That’s why a new covenant was required—not one that depends on our perfection, but one that reconciles us in spite of our imperfection. A covenant of mercy, of re-creation, of inner transformation. Not based on the degree of our performance, but based on the perfection of Christ’s alignment.
What was required was not a better intellect or a stronger body—the problem is not fundamentally mental or physical. The fracture is spiritual. Proverbs 4:23 reminds us, “Guard your heart, for from it flow the springs of life.” And 3 John 2 echoes, “Beloved, I pray that you may prosper and be in good health, even as your soul prospers.” The outward life always follows the inward condition. Right alignment precedes right experience.
JESUS: THE GATEWAY TO PROMISE
In Christ, the curse is broken. The exile is ended. The garden gate is open once more.
He realigns us to the Father—not only positionally, but experientially. This is the path to Eden restored. The promised land is not just a metaphor—it is the reality of divine fellowship, abundance, and purpose. But we enter it the same way we received the invitation: by faith. Paul writes in Colossians 2:6-7,
“As you received Christ Jesus the Lord, so walk in Him, rooted and built up in Him, established in the faith as you were taught, and overflowing with thankfulness.”
How did we receive Him? Not by effort, but by belief. So we walk out our salvation the same way (see also Galatians 3).
Our job is not to save ourselves. Our job is to believe:
- To believe that we are made righteous through Him.
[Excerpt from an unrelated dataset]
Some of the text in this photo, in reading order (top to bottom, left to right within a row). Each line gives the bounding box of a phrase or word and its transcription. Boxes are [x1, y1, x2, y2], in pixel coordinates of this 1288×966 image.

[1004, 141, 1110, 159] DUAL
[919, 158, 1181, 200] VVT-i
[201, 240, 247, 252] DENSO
- To believe that the curse no longer has legal right.
- To believe that the inheritance of Eden is accessible once more—not only after death, but also in life.
- To believe that thriving without striving is no longer just possible, but our legal inheritance in Christ.
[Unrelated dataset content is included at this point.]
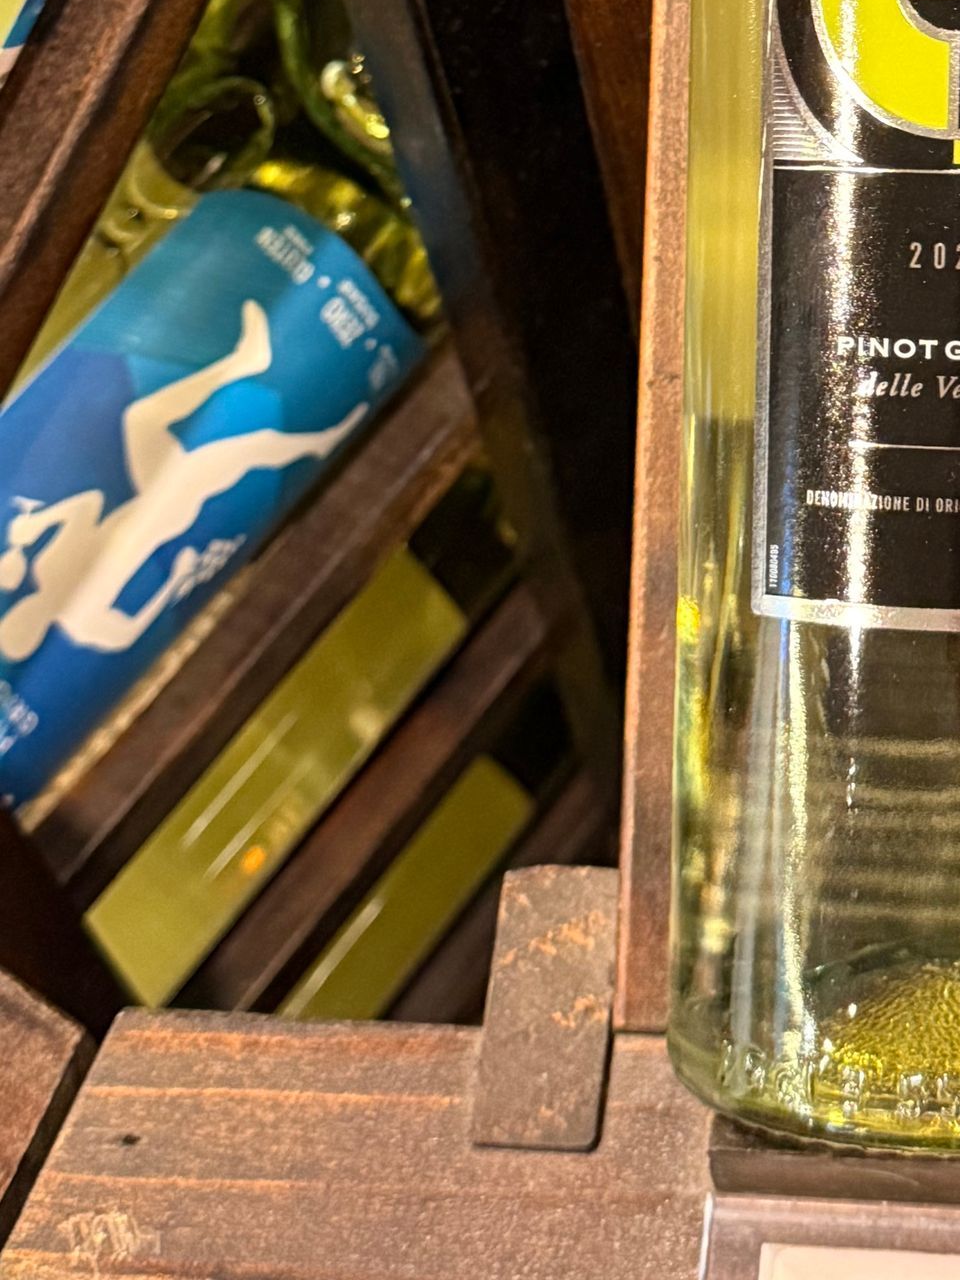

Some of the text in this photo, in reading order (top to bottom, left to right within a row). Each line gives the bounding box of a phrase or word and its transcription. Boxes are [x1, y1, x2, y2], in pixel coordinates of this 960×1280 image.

[837, 336, 939, 361] PINOT
[856, 370, 924, 399] delle
[916, 495, 931, 513] DI
FAITH IS NOT A MENTAL TRICK — IT’S ALIGNMENT OF HEART AND LIPS
“The word is near you, in your mouth and in your heart…” (Romans 10:8)
What saves you isn’t just believing something in your mind. Salvation flows when there is harmony between heart and mouth. This is the mystery of homologia often translated as “confession” or “profession” and means “to say the same thing” as God. To let His Word become your word.
The Greek lays it out the sequence simply:
- Heart → belief → justification (δικαιοῦται – dikaioutai)
- Mouth → confession → salvation (σῴζω – sōzō)
This brings us to the heart of it: faith is not passive. It is an active force rehearsed, stored up and released as part of a process. Faith is a process based on alignment between heart and mouth. You must believe and confess, but you must also confess to believe.
LINGUISTIC LINK: FROM HEART TO LIPS
Let’s go deeper still.
In Hebrew, the word for heart is לֵב (lev) or לֵבָב (levav). Far more than just the seat of emotions, the lev is the core of one’s being—where thoughts are formed, choices made, and desires conceived. It represents the full interiority of a person.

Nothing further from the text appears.